Comme on le voit, le PID présente, du point de vue de sa méthodologie, deux nouveautés fondamentales :

L'association d'éléments narratifs idiosyncrasiques aux repérages quantitatifs dimensionnels et catégoriels, ce qui permettra d'enrichir et d'approfondir les descriptions personnalisées des domaines et niveaux considérés.

L'interactivité du processus diagnostic : dans le PID, le professionnel évaluateur est l'un des partenaires d'un trialogue impliquant également le patient et la famille dans une démarche où ils auront conjointement la charge de mener ce processus afin de planifier des interventions thérapeutiques.

Le PID relève donc le défi lancé par le Programme de Psychiatrie de la Personne. C'est un nouveau modèle de conceptualisation qui, sans être psychodynamique ou phénoménologique par nature, est à l'évidence beaucoup plus compatible avec des approches qui s'y réfèrent [23]. Il permet d'appliquer à la pratique clinique ordinaire les principes de la psychiatrie centrée sur la personne en donnant une traduction opérationnelle à l'ambition qui les détermine : mettre toute la personne dans son contexte au centre des soins cliniques et de la santé publique. Le PID développe ainsi une définition plus large et plus profonde du diagnostic, au-delà du concept restreint de diagnostic nosographique. Il implique une formulation à plusieurs niveaux, permettant de rendre compte du statut de santé dans ses aspects à la fois pathologiques et positifs qui sont toujours impliqués dans la définition d'un trouble chez une personne donnée. Processus évolutif, il s'appuie sur la participation interactive des cliniciens, des patients et des familles, chacun des partenaires étant engagé à égalité dans cette démarche qui les implique subjectivement ; il utilise tous les outils descriptifs disponibles (catégorisation, dimension) et introduit dans chacun de ces niveaux une dimension narrative idiosyncrasique personnalisée qui vient asseoir l'importance donnée à l'interaction avec le patient et à sa subjectivité dans ses aspects phénoménologiques et dynamiques ». Le diagnostic en Psychiatrie de la Personne, J. Mezzich, M. Botbol, A. Besse, I. Salloum.

Ces travaux sont actuellement réalisés au sein d'un réseau international INPCP (réseau international de psychiatrie centrée sur la personne) et se sont élargis aux disciplines cliniques médicales avec l'INPCM (réseau international pour la médecine centrée sur la personne), l'ensemble présidé par Juan Mezzich. Une Revue : International journal of Person centered Medicine sortira prochainement chez University of Buckingam Press, (revue à impact factor). J'ai été invité à entrer à son comité éditorial international.

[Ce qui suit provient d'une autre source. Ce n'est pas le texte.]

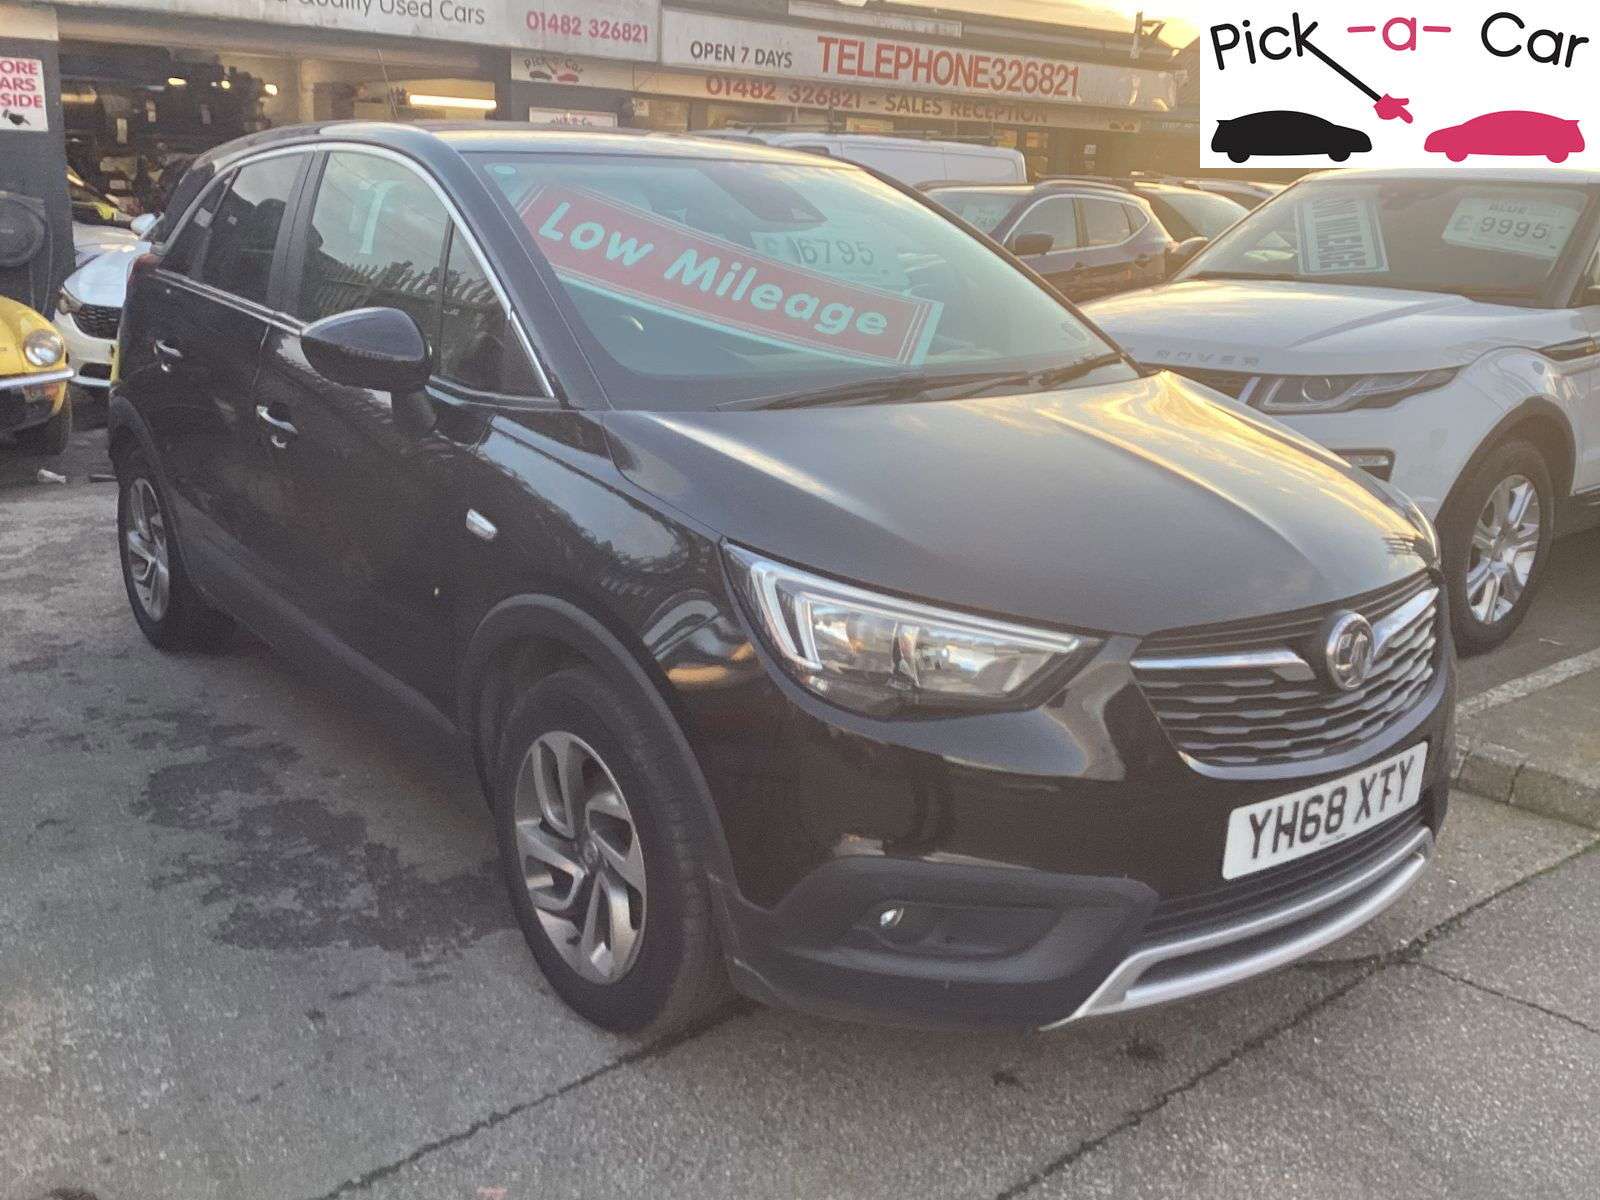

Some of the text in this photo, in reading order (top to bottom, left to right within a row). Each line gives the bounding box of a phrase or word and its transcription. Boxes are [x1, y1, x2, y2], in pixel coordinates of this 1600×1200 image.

Le samedi 9 octobre 2010, nous participions au nom de l'AFPEP à la réunion chez Patrick Landman sur « la bataille des classifications » avec une approche des classifications alternatives comme la classification PDM (Manuel Diagnostique Psychodynamique), il m'invitait à présenter le DIP et la stratégie de l'AFPEP. La majorité des associations de psychanalystes y était représentée et prépare un Manifeste en cours d'élaboration en collaboration avec nous.